How IDPs manage complexities in cloud-native development


Recognising what IDPs are, how do they help manage the increasing complexity in cloud-native development environments.


1. Standardisation reduces cognitive load

One of the biggest pain points in cloud-native development is the sheer number of decisions engineers must make daily—choosing the right deployment strategy, configuring Kubernetes YAML files, or managing service dependencies. IDPs provide pre-configured templates, policy-driven automation, and golden paths, allowing teams to focus on building features rather than navigating infrastructure intricacies.


2. Self-Service empowers developers

Without an IDP, developers often rely on DevOps teams to provision environments, troubleshoot CI/CD issues, or configure security policies.
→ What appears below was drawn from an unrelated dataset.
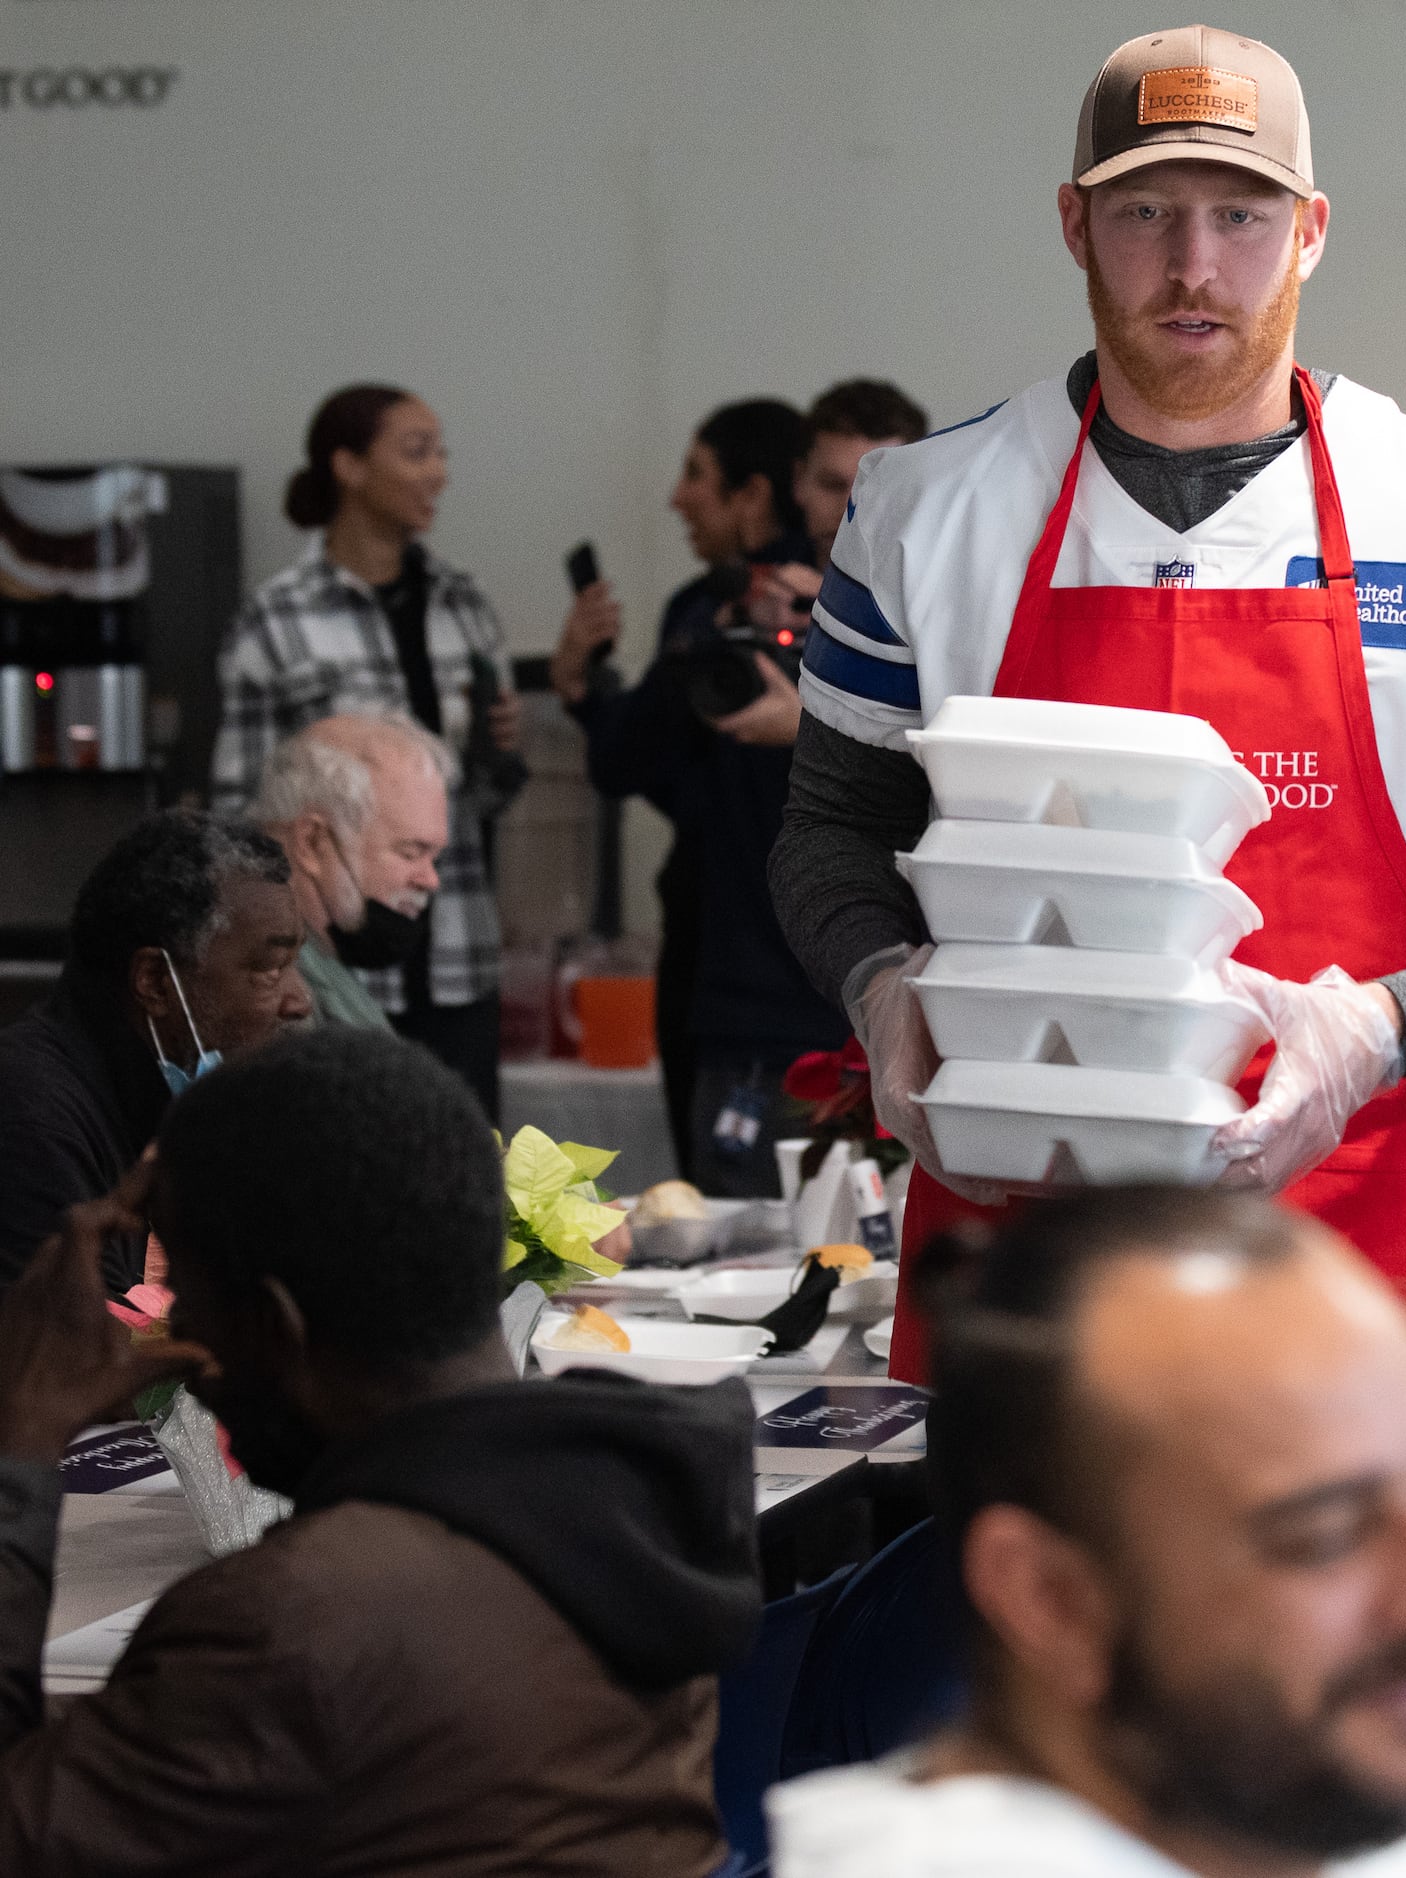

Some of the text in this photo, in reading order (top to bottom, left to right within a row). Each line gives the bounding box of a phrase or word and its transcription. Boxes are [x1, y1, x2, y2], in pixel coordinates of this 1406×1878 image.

This dependency slows down development cycles and creates bottlenecks. IDPs enable self-service capabilities, allowing engineers to spin up environments, deploy applications, and manage configurations independently, accelerating development velocity.


3. Enhanced security and compliance

Security is a constant concern in cloud-native environments, with misconfigurations and vulnerabilities leading to breaches. IDPs enforce built-in guardrails—from role-based access control (RBAC) to automated security scans—ensuring compliance with industry standards and internal policies without manual intervention.


4. Accelerating onboarding and reducing time-to-value

For organisations hiring new engineers, ramp-up time is critical. With an IDP, newcomers no longer need to learn the intricacies of the cloud provider’s API, the company’s Kubernetes setup, or complex CI/CD workflows. A unified developer experience reduces onboarding time from weeks to days, helping teams ship faster.


5. Unifying the Developer Experience

IDPs unify developer workflows by standardising tools, automating best practices, and providing a single pane of glass for managing deployments, security, and observability. This holistic approach reduces cognitive overhead and fosters seamless collaboration across teams. Brian Leatham of Netflix at the PlatformCon 2022 explained that Netflix microservices architecture was becoming too fragmented and as thus the team had to turn to IDPs to unify developer experiences across the company’s Software Development Life Cycle (SDLC).


The bottom line


As revolutionary as it is, the microservices approach to development introduces a lot of complexity. Unlike a monolith, where everything is contained in a single unit and can be easily traced, microservices applications are spread across multiple containers, often running on different cloud platforms. Managing such a system requires a more strategic and efficient approach.


To keep everything running smoothly, you need CI/CD pipelines to automate testing and deployment—because manually deploying each service is inefficient and error-prone. You also need orchestration tools like Kubernetes to manage containers, Infrastructure as Code (IaC) tools to handle provisioning, and secrets management to store credentials and access keys securely.


As the list of necessary tools grows, you may spend more time managing infrastructure and operations than writing code. This is where platform engineering comes in.


Platform engineering abstracts the complexity of managing cloud-native applications by providing self-service, automation, and standardisation for developers. It ensures developers can focus on building features rather than wrestling with infrastructure. With Internal Developer Platforms (IDPs), teams can streamline deployments, improve security, and maintain best practices—all while reducing operational overhead.


In essence, platform engineering bridges the gap between developer experience and operational efficiency, making modern software development faster, safer, and more scalable.